By Leila Fadel
Washington Post Staff Writer
Tuesday, February 15, 2011; A11
CAIRO - As Arab League ambassadors convened for an emergency meeting Monday, the organization's secretary general said he had told the group that "we should not be afraid or concerned'' about revolts now sweeping the region.
It was in some ways a surprising message from the leader of a 22-nation group that embodies the existing order. The Arab League meeting at the organization's headquarters was the first since the toppling of leaders in Tunisia and Egypt, two important member states.
But the leader, Amr Moussa, a former Egyptian foreign minister, is making plain that he no longer sees his role as being to defend the status quo.
"I conveyed the message that the winds of change are sweeping our societies," Moussa said in an interview Monday. He urged a "feeling of optimism that this is the future,'' and said that in day's session the Arab League ambassadors had "saluted'' and "greeted" the revolutions in Egypt and Tunisia.

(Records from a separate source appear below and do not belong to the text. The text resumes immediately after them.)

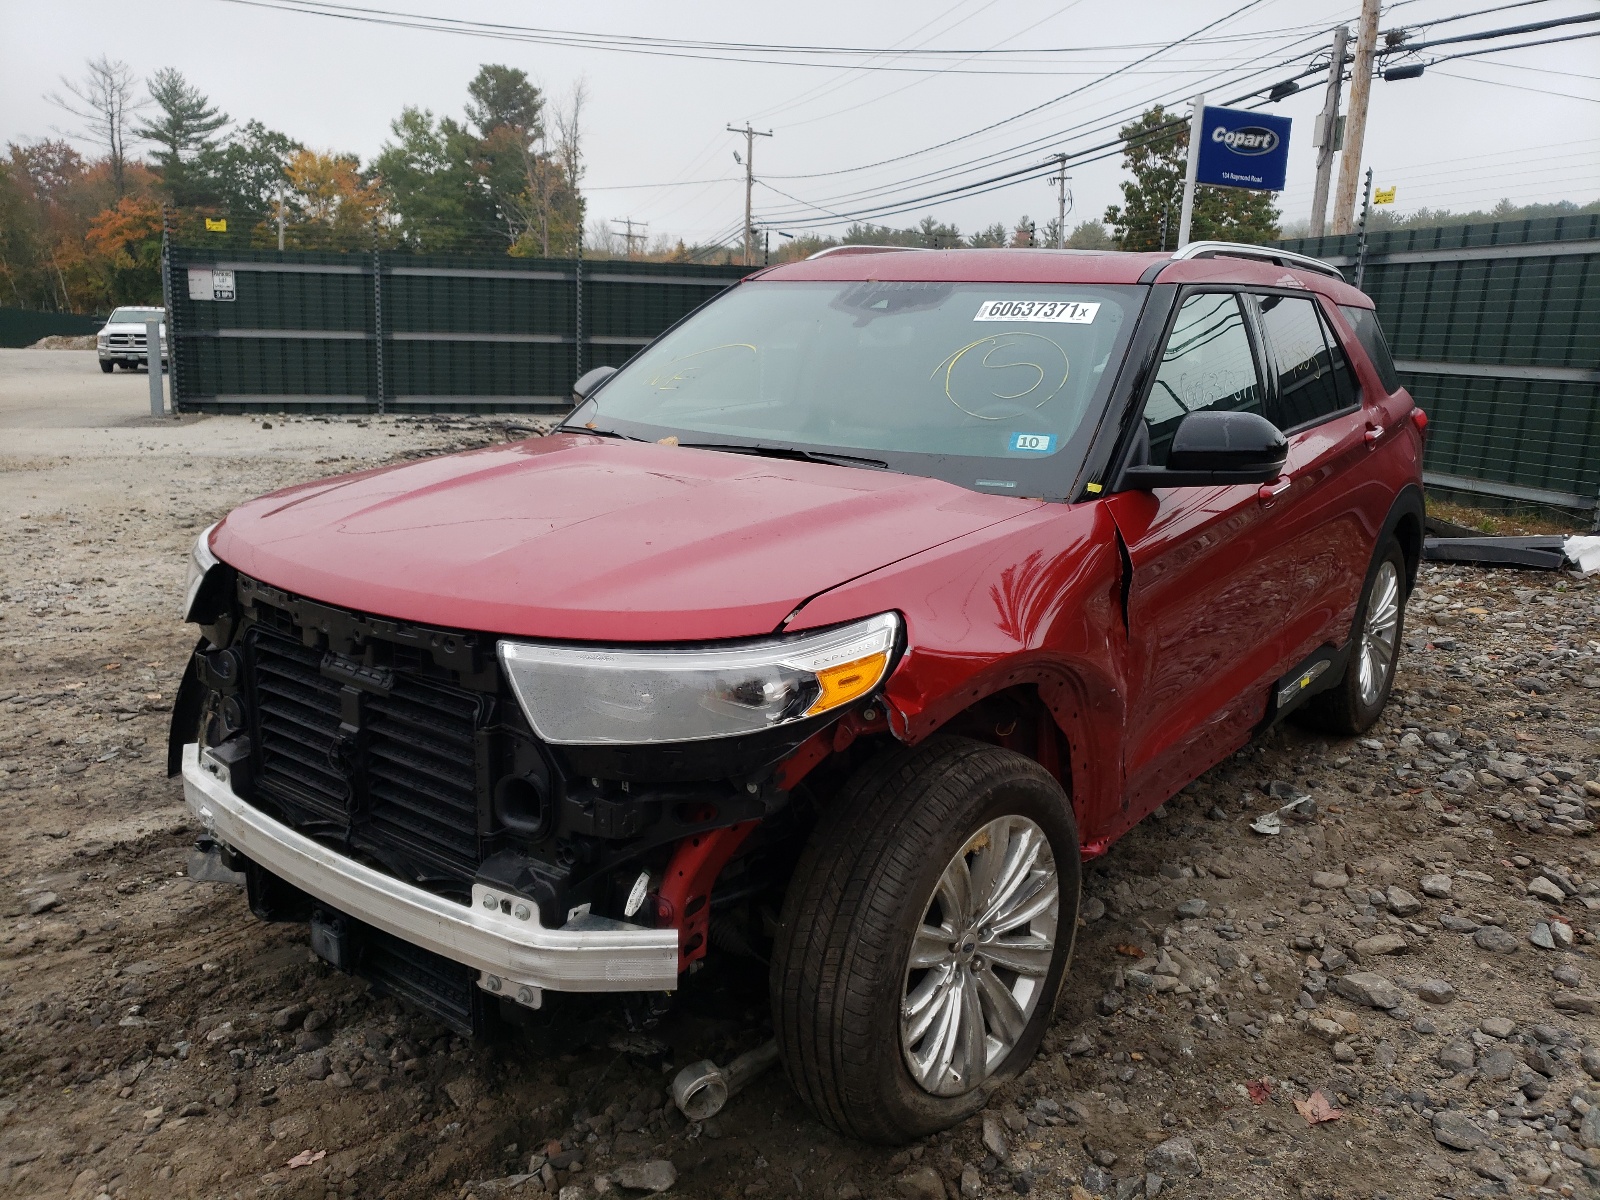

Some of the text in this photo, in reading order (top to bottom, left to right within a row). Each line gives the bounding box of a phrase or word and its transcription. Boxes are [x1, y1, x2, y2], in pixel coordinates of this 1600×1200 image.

[1212, 126, 1272, 149] Copart
[1230, 172, 1250, 182] Raymond
[1251, 175, 1263, 183] Road
[1018, 436, 1040, 449] 10
[812, 639, 881, 666] EXPLORER

Moussa is steping down from his position as early as next month. He said in the interview that there was a "good possibility'' that he would seek to become Egypt's next president, once constitutional changes are put in place to allow for open elections.
"Let us see how a private citizen like me can use the constitution and move on to be a candidate or to be an active private citizen,'' he said. A "new Egypt needs new people,'' he said, "but with a touch of experienced people.''
Moussa remains unapologetic about his past. During a decade as foreign minister in the 1990s, he was a member of President Hosni Mubarak's government but not his party, he said in the interview. He said he had maintained a "constructive relationship'' with Mubarak until the final days of his regime, but had warned both publicly and privately that young people, who make up a disproportionately large share of Egypt's population, could not be ignored.

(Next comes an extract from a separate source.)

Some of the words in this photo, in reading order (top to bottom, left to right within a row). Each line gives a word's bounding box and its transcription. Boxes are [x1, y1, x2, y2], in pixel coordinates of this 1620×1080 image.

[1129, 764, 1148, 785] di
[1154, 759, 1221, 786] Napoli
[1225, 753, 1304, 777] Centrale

"I told him that there are difficulties; definitely he knew," Moussa said of Mubarak. "I don't think he was unaware."
With Egypt now controlled by the military, under what amounts to martial law, Moussa expressed faith that a group headed by Field Marshal Mohamed Hussein Tantawi was committed to putting Egypt on a path toward democracy.
"I have no reason to doubt their intentions," Moussa said of military leaders. About Tantawi, an official he knows well, Moussa said: "He's a man who has a deep feeling about Egypt and about how Egypt is a country that should be respected and should move on. Now he is in the driver's seat and I trust this will be his intention and his policy."

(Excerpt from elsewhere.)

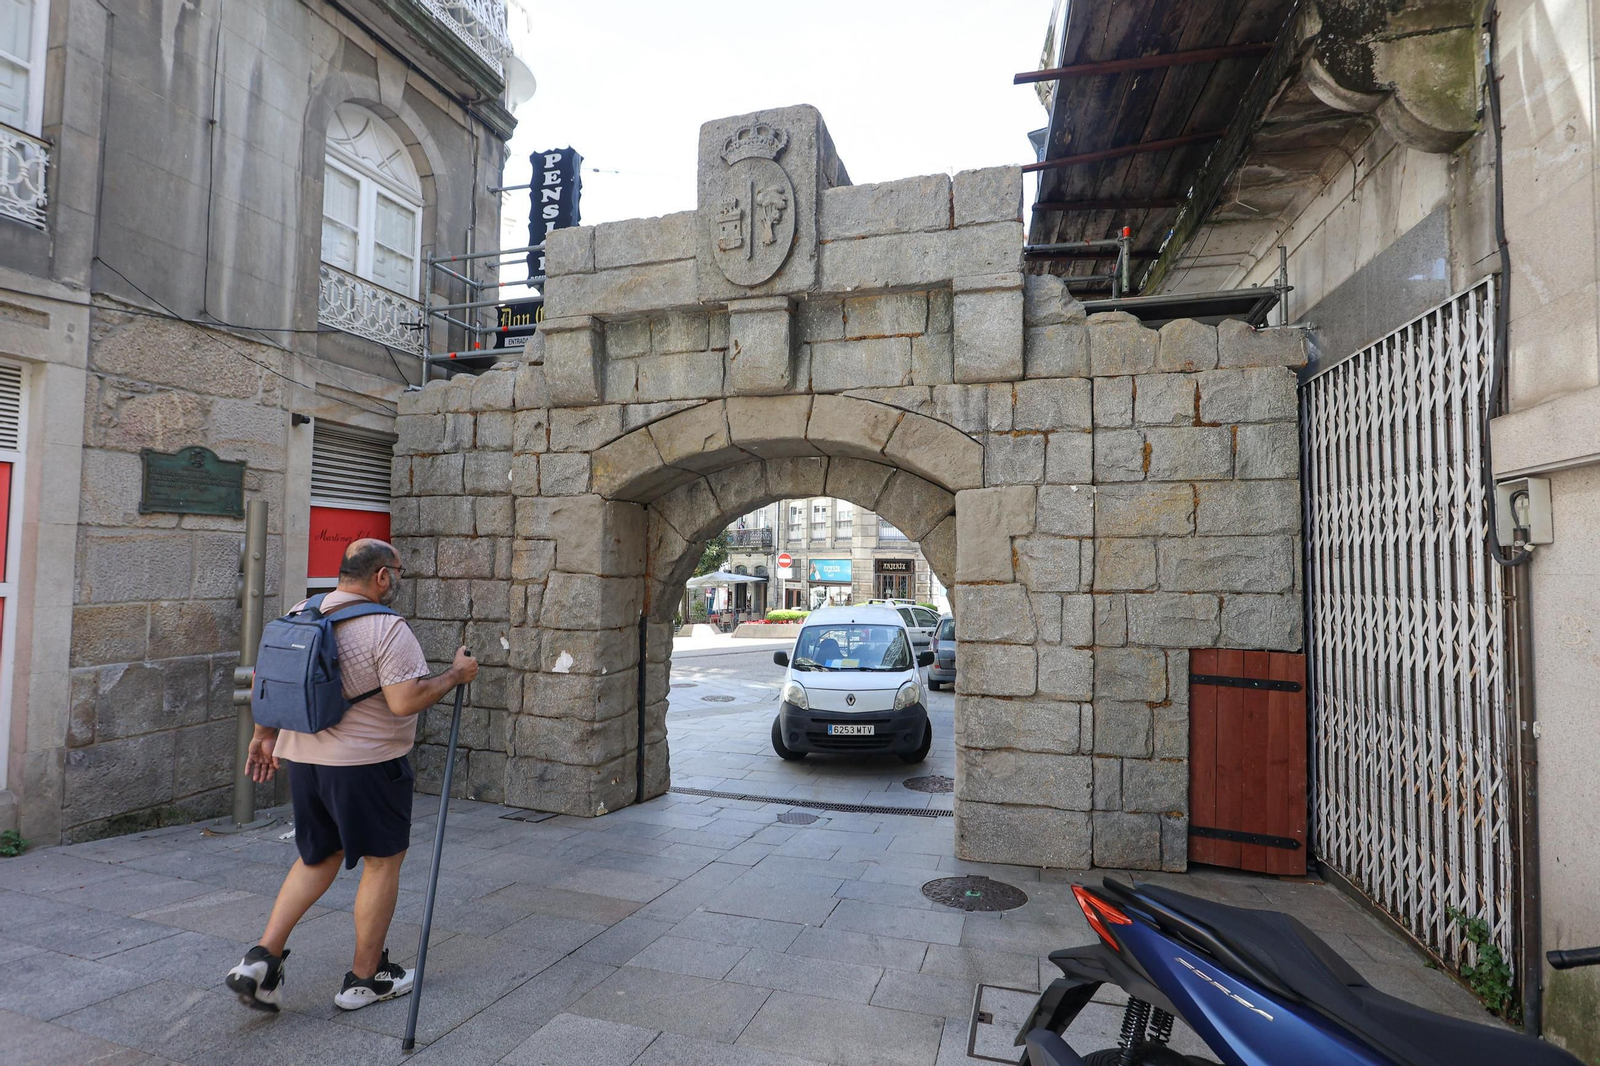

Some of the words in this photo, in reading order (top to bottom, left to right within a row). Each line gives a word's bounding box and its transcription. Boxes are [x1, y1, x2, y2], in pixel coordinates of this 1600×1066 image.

[538, 153, 562, 270] PENSI
[834, 726, 855, 734] 6253
[856, 726, 873, 734] MTV

Moussa said he had watched the youth-led demonstrations from the ninth-floor balcony of the Arab League headquarters in downtown Cairo, overlooking Tahrir Square, and he set he had met with a slew of protesters. He said the broad cross-section of ages, classes and religions that was represented among the protesters should also be reflected in a new Egypt.
"I believe the role of the youth, educated young people, should be promoted in any new government," he said. He said that the leaders of a new Egypt should pursue democracy and reform, as well as recognize "that we are living in the 21st century and no other century.''
Moussa said it was important that Egypt honor its international agreements and remain a steadfast ally with the United States, as equal partners. "We have major interests with the U.S." and "the U.S. also has major interests with us and the Arab world," he said. "I'm against those that believe the U.S. is an automatic enemy."